(Annotated photo localization data)
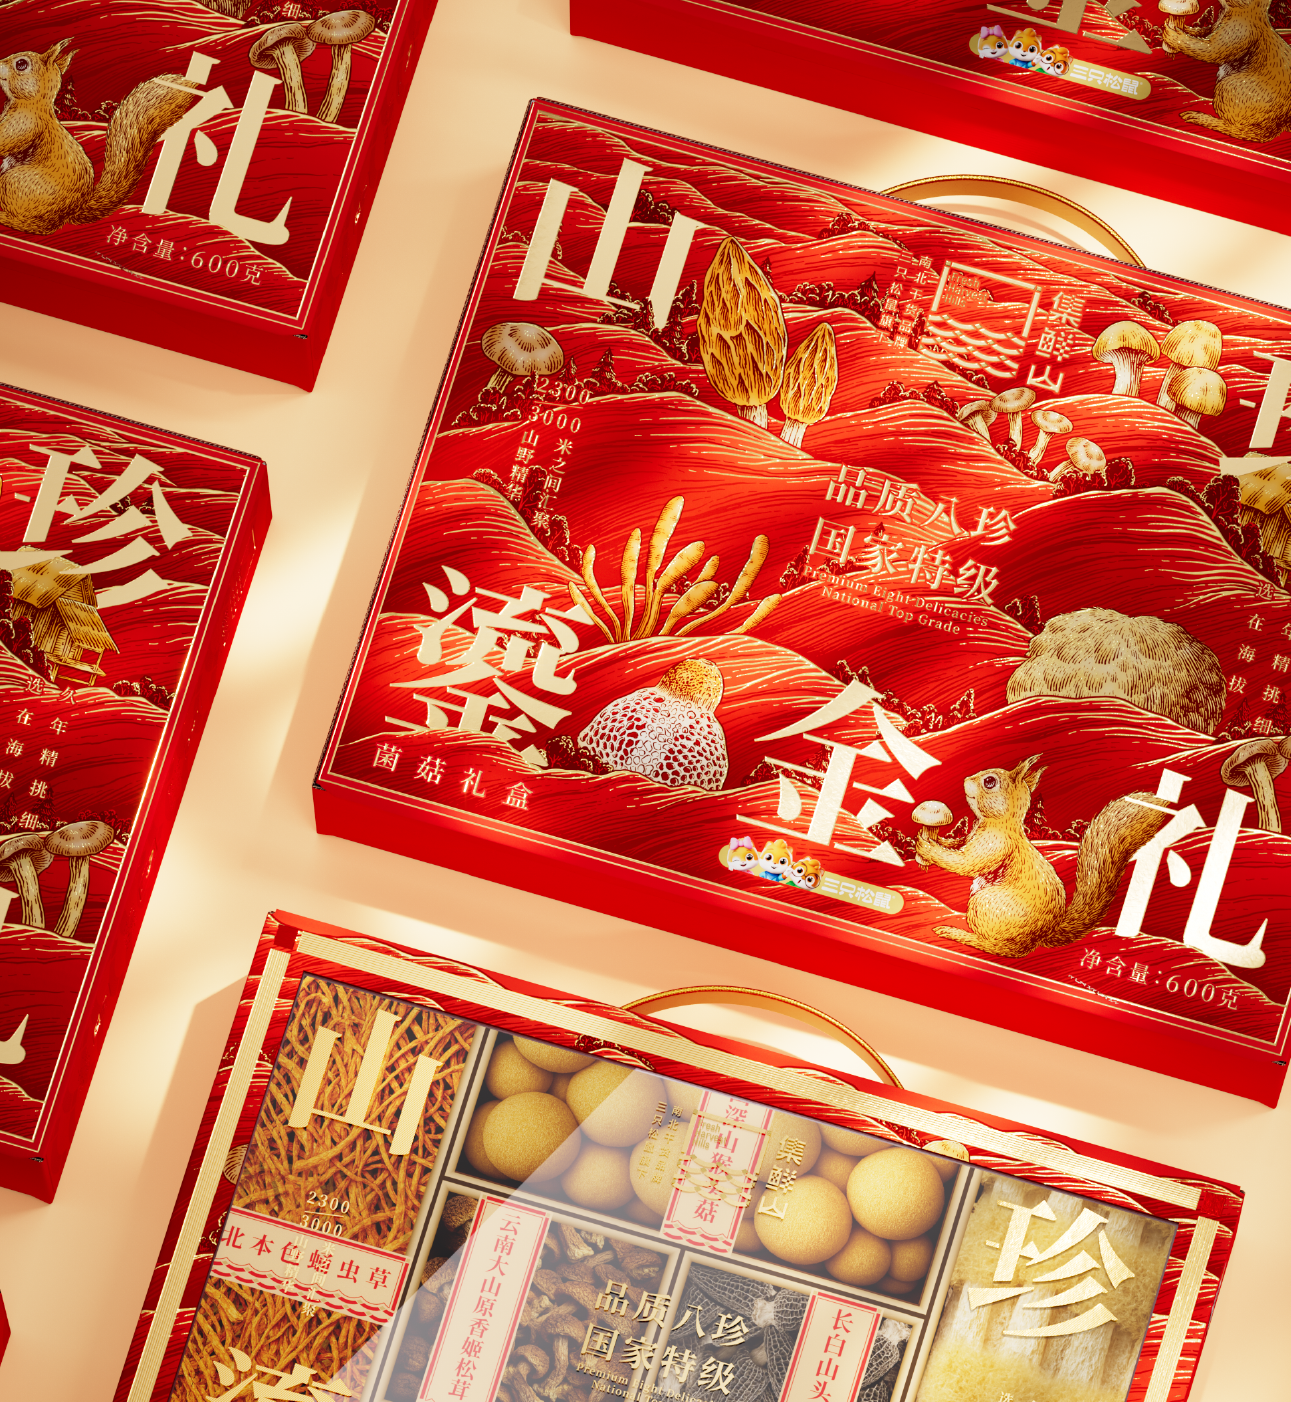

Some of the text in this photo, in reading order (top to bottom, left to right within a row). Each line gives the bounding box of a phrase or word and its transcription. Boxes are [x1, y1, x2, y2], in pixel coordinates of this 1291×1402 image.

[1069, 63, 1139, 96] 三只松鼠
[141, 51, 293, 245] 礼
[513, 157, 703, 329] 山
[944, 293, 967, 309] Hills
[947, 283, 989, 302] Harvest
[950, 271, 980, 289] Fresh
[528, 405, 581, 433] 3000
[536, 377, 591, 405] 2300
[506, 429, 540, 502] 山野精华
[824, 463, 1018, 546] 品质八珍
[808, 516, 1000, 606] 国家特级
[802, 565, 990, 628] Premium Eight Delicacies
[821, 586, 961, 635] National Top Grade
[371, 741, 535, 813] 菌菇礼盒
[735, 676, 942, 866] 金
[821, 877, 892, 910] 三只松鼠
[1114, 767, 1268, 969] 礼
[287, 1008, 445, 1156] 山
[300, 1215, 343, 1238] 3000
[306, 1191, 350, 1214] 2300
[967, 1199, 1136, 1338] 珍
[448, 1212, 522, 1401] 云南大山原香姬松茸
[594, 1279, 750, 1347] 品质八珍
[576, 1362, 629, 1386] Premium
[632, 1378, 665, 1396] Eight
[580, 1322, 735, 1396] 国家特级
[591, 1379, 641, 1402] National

#### ASSIGNED TASK:
Set the entries down again exactly. Do not include the images.

#### TASK ANSWER:
Some of the text in this photo, in reading order (top to bottom, left to right within a row). Each line gives the bounding box of a phrase or word and its transcription. Boxes are [x1, y1, x2, y2], in pixel coordinates of this 1291×1402 image.

[1069, 63, 1139, 96] 三只松鼠
[141, 51, 293, 245] 礼
[513, 157, 703, 329] 山
[944, 293, 967, 309] Hills
[947, 283, 989, 302] Harvest
[950, 271, 980, 289] Fresh
[528, 405, 581, 433] 3000
[536, 377, 591, 405] 2300
[506, 429, 540, 502] 山野精华
[824, 463, 1018, 546] 品质八珍
[808, 516, 1000, 606] 国家特级
[802, 565, 990, 628] Premium Eight Delicacies
[821, 586, 961, 635] National Top Grade
[371, 741, 535, 813] 菌菇礼盒
[735, 676, 942, 866] 金
[821, 877, 892, 910] 三只松鼠
[1114, 767, 1268, 969] 礼
[287, 1008, 445, 1156] 山
[300, 1215, 343, 1238] 3000
[306, 1191, 350, 1214] 2300
[967, 1199, 1136, 1338] 珍
[448, 1212, 522, 1401] 云南大山原香姬松茸
[594, 1279, 750, 1347] 品质八珍
[576, 1362, 629, 1386] Premium
[632, 1378, 665, 1396] Eight
[580, 1322, 735, 1396] 国家特级
[591, 1379, 641, 1402] National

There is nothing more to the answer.